Cold Heart
Page 27
He glanced at his watch. “Nine-thirty.”
“Why'd you let me sleep so late?”
“It's Saturday. Besides, after last night I thought you needed your rest.”
She took the coffee that he offered and dropped into a chair. “I slept like a log. But I woke up with nothing on.”
“You don't remember anything?”
“Remember what? Did we have a wild night?”
“You had the worst nightmare you've ever had.”
“Really?”
He set his coffee cup beside the griddle. “I had to put you in the shower to wake you up. That's why you were sleeping nude.”
“You're kidding.”
“I'm not kidding. It was awful. I couldn't get through to you. You just kept staring into space and screaming.”
“Screaming?” She couldn't believe it. She was tired. As though the deep sleep she had gotten had done her body no good. But she didn't remember waking in the night. And she certainly didn't remember a shower.
“You kept shouting for her to let him go.”

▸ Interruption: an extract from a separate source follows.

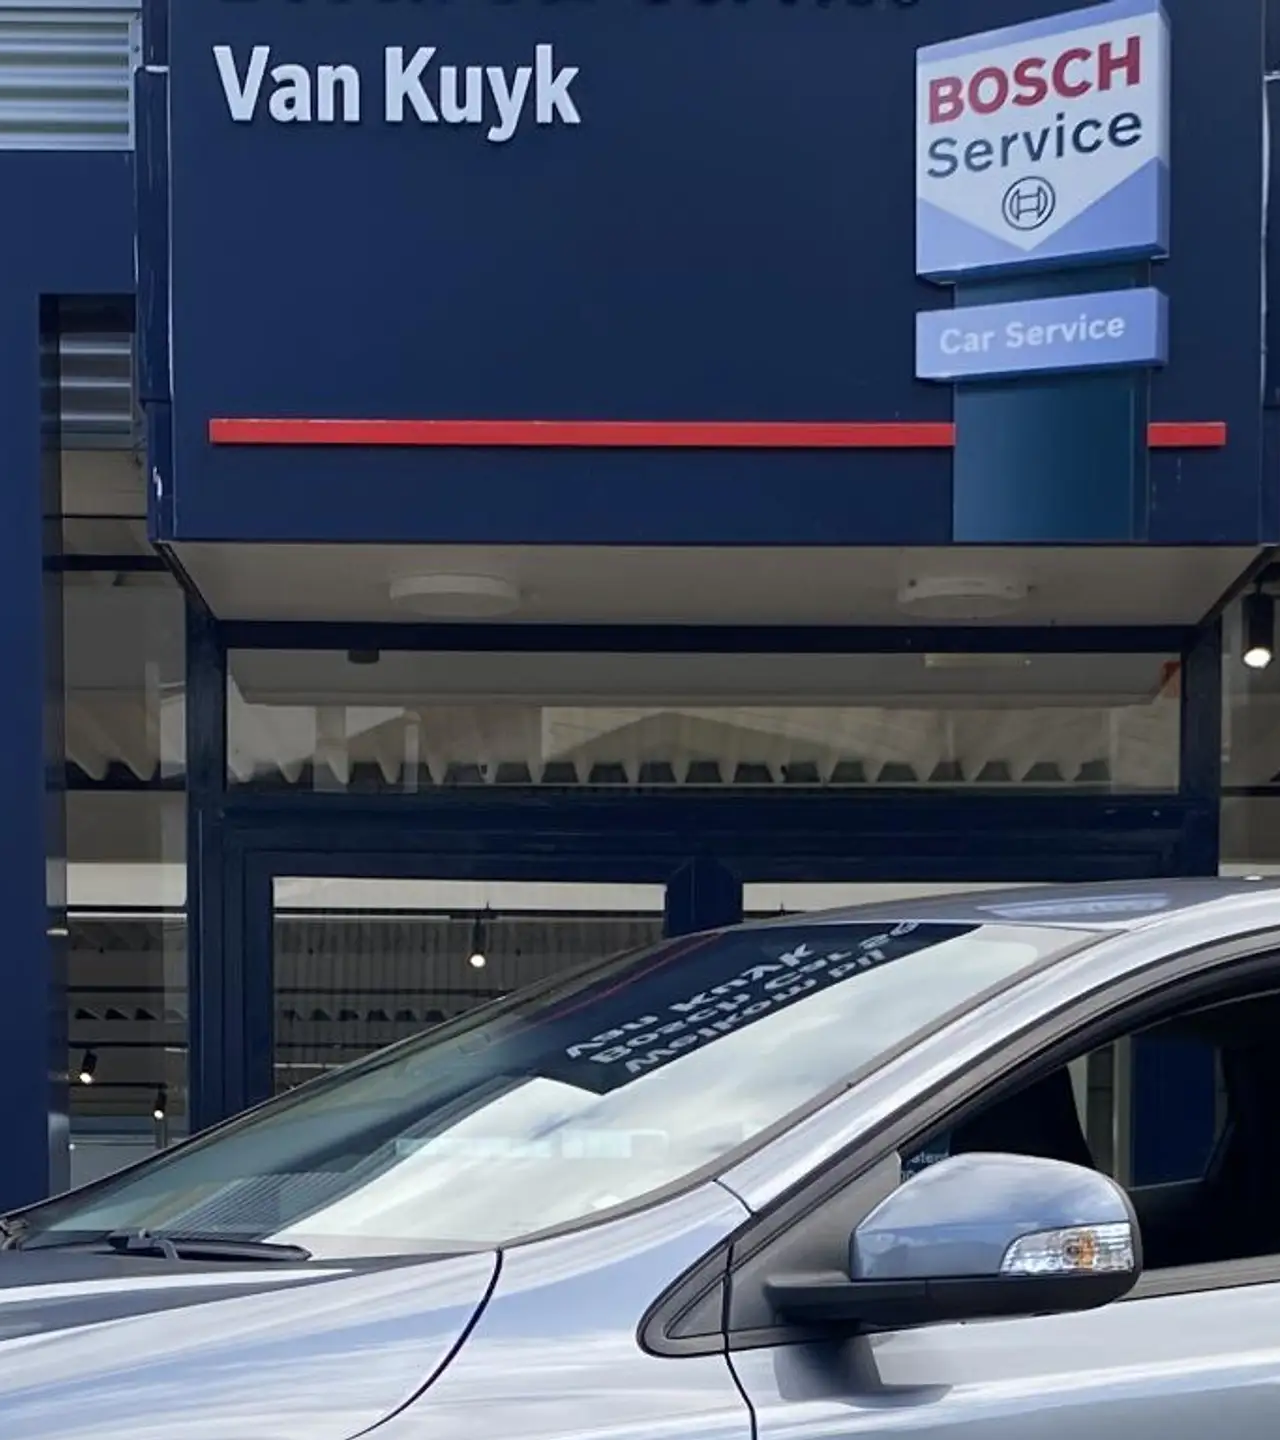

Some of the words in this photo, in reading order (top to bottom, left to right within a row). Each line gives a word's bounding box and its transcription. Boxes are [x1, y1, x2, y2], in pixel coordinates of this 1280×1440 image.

Neither of them questioned who the him was. Neither of them needed to mention that today was the first anniversary of Zach's disappearance.
“I can't believe I didn't wake up in the shower.”
“You sort of woke up, after a while. You talked to me, but it was like you were speaking through a wall. I carried you back to bed and you finally went to sleep again.”
“That was it?”
“You woke me a couple of times and I thought you were going to do it again. I talked to you and you went back to sleep. But you were stiff as a board all night.”
“I'm sorry.”
“There's nothing to be sorry about. I wish I could have done something.”
“You did something by being there.”
He slid a plate of bacon and eggs in front of her and she picked at it.
“Maybe you should call Tara,” he said.
“No.” Tara was the last person she wanted to call. Tara understood why Audrey chose not to see her anymore. Being around Tara or speaking to her reminded Audrey of just how much besides Zach she had lost.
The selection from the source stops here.